Back half (subtomogram averaging): this is a re-run of the tutorial's final averaging step, not an independent determination — we took the published tilt-series alignments, particle picks, and a published reference half-map, regenerated the pseudo-subtomograms ourselves (relion_tomo_subtomo, 9,442 particles, box 512 / crop 192), and ran a gold-standard relion_refine auto-refine (C6) + relion_postprocess. Final resolution 3.99 A (FSC = 0.143, B-factor -101.6 A^2). The refine started from the published reference low-pass-filtered to 5.5 A (--ini_high 5.5) — see Honest scope on reference bias.
Multi-GPU: the refine converged in 17 iterations, ~1.65 h on 4x T4 (single node, mpirun -n 5, 4 ranks 1:1 on 4 GPUs). The same job on 1x T4 did ~26 min/iteration and timed out at iteration 11 in 5 h — ~5.6x faster per iteration, n=1 each. That number exceeds 4x, so it isn't pure GPU scaling: the single T4 was almost certainly I/O-/host-RAM-bound on the particle working set, which the 4-GPU box's larger aggregate RAM and NVMe relieves. The honest takeaway isn't a clean scaling factor — it's that four GPUs finished and one didn't.
Cost: the converged 3.99 A structure cost ~$2.2 of spot GPU (4x T4 g4dn.12xlarge at $1.35/hr x ~1.65 h), plus a few cents for the CPU subtomogram extraction.
A real spot wrinkle, kept in: our first attempts pinned A10G GPUs and hung — g5 spot was momentarily exhausted in the cluster's AZs and the account's on-demand GPU quota was zero, so there was no fallback. Relaxing the request from "an A10G" to "any NVIDIA GPU" let the scheduler grab T4s and the run proceeded.
n: the 3.99 A refine is n=1. The 1x-vs-4x scaling is one run each on identical inputs. The front-half AreTomo2 run is TS_01 only (1 of 5 tilt series).
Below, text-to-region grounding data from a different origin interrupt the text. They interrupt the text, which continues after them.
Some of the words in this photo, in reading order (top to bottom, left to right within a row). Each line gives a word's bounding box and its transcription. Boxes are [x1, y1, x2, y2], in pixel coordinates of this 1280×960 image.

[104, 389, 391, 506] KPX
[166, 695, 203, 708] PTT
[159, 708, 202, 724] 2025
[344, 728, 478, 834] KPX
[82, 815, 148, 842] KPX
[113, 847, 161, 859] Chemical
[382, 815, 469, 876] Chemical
What cryo-ET actually demands

Single-particle cryo-EM and cryo-electron tomography share a final engine — RELION's relion_refine — but everything before it is different. Tomography starts from a tilt series: dozens of images of the same field taken at different stage tilts. Before you can average anything you have to (1) align those tilts into a consistent geometry and (2) back-project them into a 3D tomogram. Historically that meant gold fiducial markers and hours of manual IMOD work. AreTomo2 replaced the manual step with GPU-accelerated markerless alignment, which is what makes the pipeline batchable at all.
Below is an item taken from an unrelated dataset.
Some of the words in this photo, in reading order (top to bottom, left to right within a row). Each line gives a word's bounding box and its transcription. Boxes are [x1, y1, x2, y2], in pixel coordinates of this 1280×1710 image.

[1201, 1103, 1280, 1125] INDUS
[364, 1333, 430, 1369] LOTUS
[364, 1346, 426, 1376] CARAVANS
RELION-5 wraps AreTomo2 (and IMOD, CTFFIND4, cryoCARE) for exactly this front half, then extracts pseudo-subtomograms — CTF-pre-multiplied 2D stacks cropped from the tilt images at each particle position — and feeds them to the same gold-standard relion_refine used for single particles. Our job was to prove both halves run cleanly in a customer's AWS account on spot GPUs, and to land the recognized hero number.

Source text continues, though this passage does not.